Do I really need to cycle in this? No is the answer to that question. So I tried to dry myself enough to be able to use my phone and googled somewhere to stay. Just across the road was a hostel. Great. So I headed over there. I got to the door and it said closed. Bum. The rain was torrential again and I considered just staying there anyway on the porch! But I decided to call them and they were open, just the office was closed. She told me to go inside and wait and she would be back in half an hour. There was one other guest there, another cycle tourist, David from Vancouver.
When the lady came back she got annoyed with me because I was dripping on her floor, and because it was 1pm and I wasn’t supposed to check in until 2pm (come on, there was one other guest there, do you want me to go stand in the rain for an hour!), and I asked to use the bathroom to change out of my wet clothes because I was starting to shiver – she wasn’t happy about that! But we eventually broke down some barriers and had a nice chat. As with most people who are a bit grumpy there is normally something else going on – she has a 2 year old who won’t take a nap.
I dried out and warmed up and David (a chef, yes!) cooked dinner for me! I’ve been seriously lucky with food so far. Day 5 and I haven’t bought or eaten any of my own food! As the rain continued to hammer down all afternoon and evening I was more than happy with my decision to bail.
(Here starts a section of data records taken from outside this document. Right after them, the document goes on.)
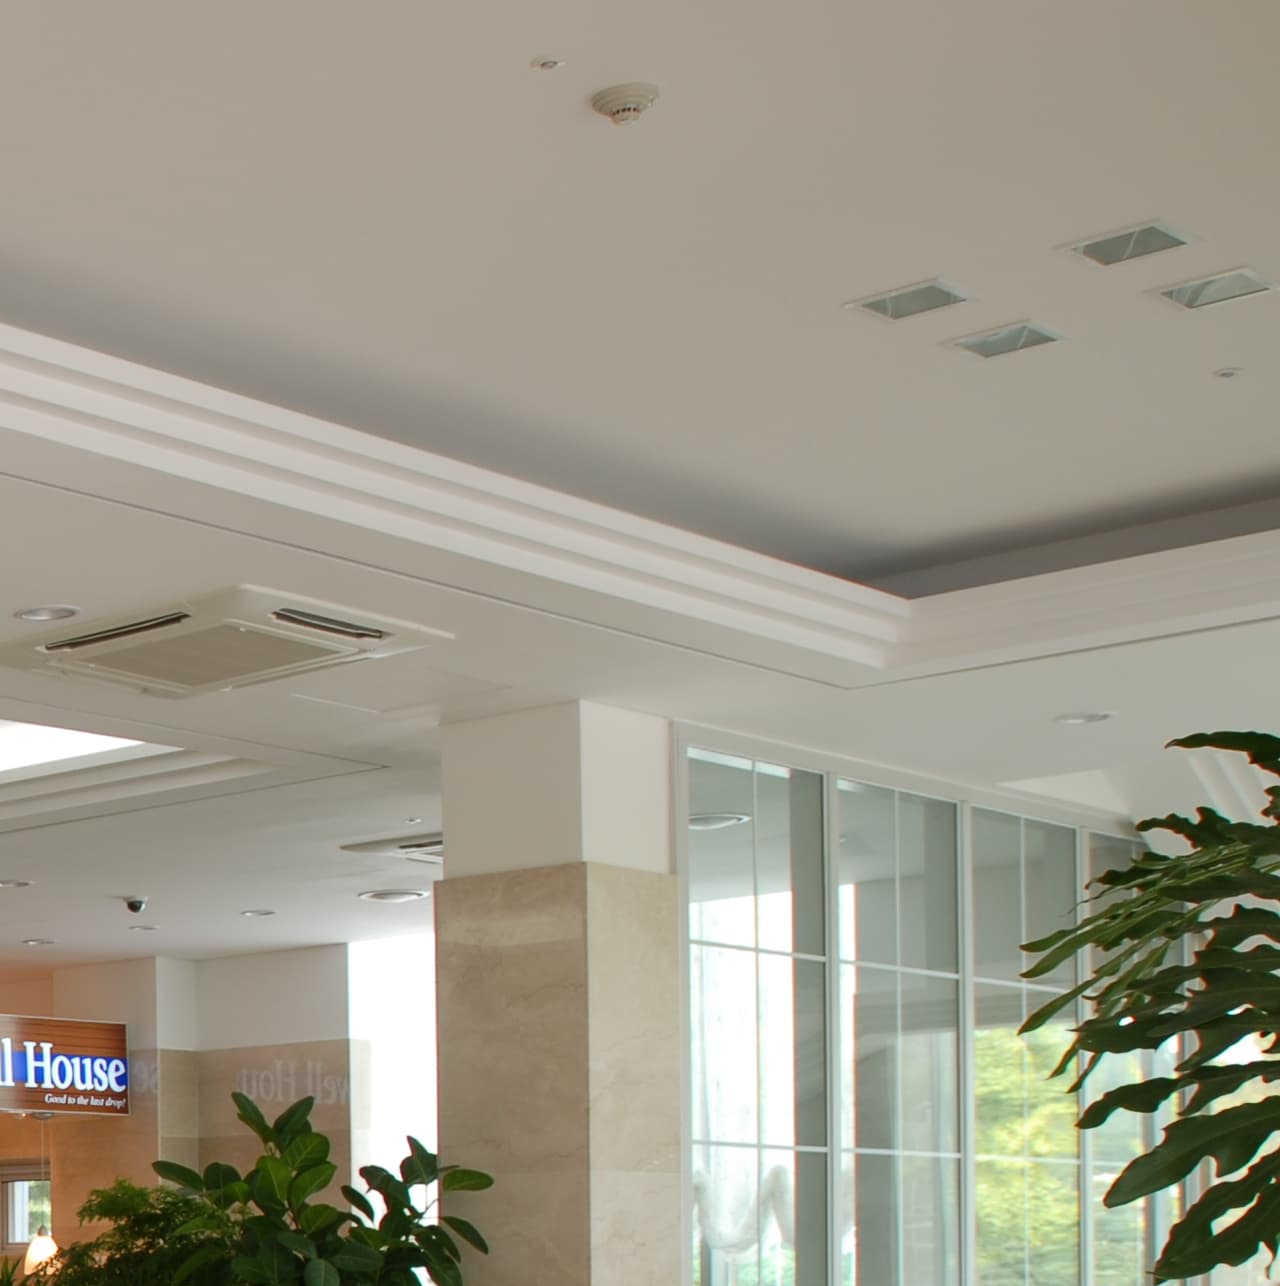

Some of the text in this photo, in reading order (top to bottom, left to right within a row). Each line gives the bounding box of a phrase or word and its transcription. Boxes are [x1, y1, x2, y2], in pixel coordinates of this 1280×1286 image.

[23, 1041, 127, 1093] House
[44, 1093, 67, 1104] Good
[68, 1095, 76, 1104] to
[77, 1095, 89, 1105] the
[90, 1096, 104, 1106] last
And, the best part of the day was when I was going through my things and I found some chocolate! A nice bar of Lindt dark chocolate and mint. My first chocolate of the trip…so I ate the whole bar.
I continue to raise money for Just A Drop – they bring sustainable clean water, sanitation and hygiene projects to communities around the world.
663 million people across the globe are living without access to clean, safe water. That’s 1 in 10 people. A child dies every 90 seconds from a water related disease. One third of the worlds population – 2.4 billion people – don’t have access to adequate sanitation.